How fast do fleas multiply?

The first issue of time is how fast a pest can reproduce.

Pests take most of their strength from numbers, and fleas are no exception. It’s not so bad when you’re dealing with just a handful of them. But that’s not always the case. Leaving fleas unchecked warrants a serious issue with thousands of those bugs biting and breeding inside your home.

Fleas reproduce at an alarming rate. They’re so fast at breeding that when you spot fleas on your dog, those insects would only represent 5-10% of the total population. The rest of the fleas in the environment are the eggs and the larvae living in your rugs, bed, carpet and yard.

A female can lay 20 to 40 eggs per day when it’s living in the right conditions. So, for every adult you spot and kill, there are more than a hundred eggs waiting to take its place. You could be dealing with thousands of them in a matter of weeks.

How long does it take to get rid of fleas?

When you’re exploring the best options to get rid of these pesky insects, we don’t just consider how well a treatment is going to work. Pressure to get back to living normally again also gets to us, so we often ask how long a treatment is going to take.

Well, expect that not all fleas react the same way to a treatment. It takes time for them get killed off even by the best commercial pesticides.

Adult fleas will of course die earlier than newly-hatched fleas. So you’ll have to deal with these bugs for at least 2 weeks.

For pets, you can check with your vet on the time it takes for a medication or a repellent to work. Don’t just believe on product labels that promise great results just after a couple of hours.

Remember that if the treatment you’re using isn’t applied correctly the first time, you could miss treating the developing fleas, which we mentioned makes up for half of their total population. This is why you should use a flea killing method at least two times to get the best results.

How long do treatments last?

Lastly, let’s talk about how long a treatment can last.

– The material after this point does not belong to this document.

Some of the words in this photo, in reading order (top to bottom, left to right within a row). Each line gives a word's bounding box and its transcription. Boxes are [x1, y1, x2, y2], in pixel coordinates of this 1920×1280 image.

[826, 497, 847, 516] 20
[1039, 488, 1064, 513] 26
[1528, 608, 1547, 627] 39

Most homeowners make the big mistake of treating their pets and their houses (or even themselves) once, never to look back at their flea problems ever again. That’s because in an ideal world, you only have to deal with these blood sucking insects once and live on peacefully from there.

But unfortunately, that’s not how reality works.

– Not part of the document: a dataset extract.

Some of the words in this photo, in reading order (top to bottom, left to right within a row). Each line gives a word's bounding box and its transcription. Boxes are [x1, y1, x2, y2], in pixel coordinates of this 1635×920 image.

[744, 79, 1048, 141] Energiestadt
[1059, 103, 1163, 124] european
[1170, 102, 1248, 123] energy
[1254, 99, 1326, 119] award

Even with the best flea products, they can only give you about 30 days to several months before you need to reapply them again. Some treatments even last shorter than that, taking only a few weeks to work effectively.

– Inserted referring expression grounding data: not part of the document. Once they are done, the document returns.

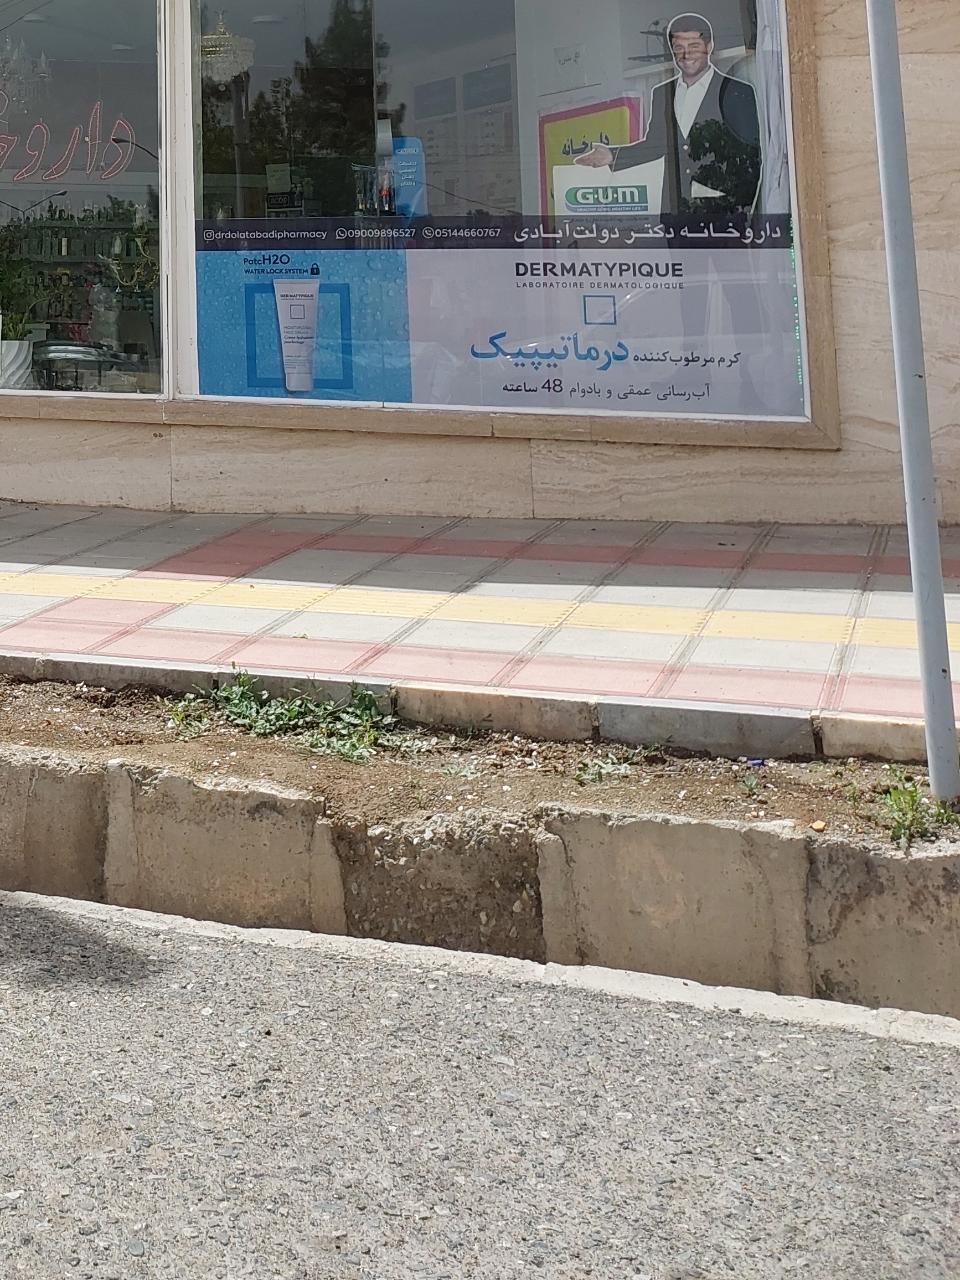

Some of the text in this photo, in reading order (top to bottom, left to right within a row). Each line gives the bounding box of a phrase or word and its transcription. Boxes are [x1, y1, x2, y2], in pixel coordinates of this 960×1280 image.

[215, 228, 501, 240] drdolatabadipharmacy 09009896527 05144660767
[624, 223, 675, 244] دکتر
[680, 222, 781, 244] داروخانه
[243, 254, 290, 265] PatcH2O
[515, 262, 683, 277] DERMATYPIQUE
[516, 281, 585, 289] LABORATOIRE
[470, 331, 629, 370] درماتیپیک
[717, 352, 741, 367] کرم
[502, 381, 538, 393] ساعته
[541, 378, 563, 393] 48
[569, 382, 600, 398] بادوام
[617, 384, 651, 399] عمقی
[606, 389, 612, 398] و

Oral and topical repellents and practical methods such as vacuuming and steaming carpets need to be done daily if you want to get rid of fleas from your home. With these, a missed dose or a day without vacuuming can potentially bring the insects back in.

Consequently, flea treatment just boils down to how willing you are to put in the work and how willing you are to try different treatments. But once you get the perfect combination of methods, you won’t be asking How long does it take to get rid of fleas? Not anymore. Because you’ll be flea-free by then.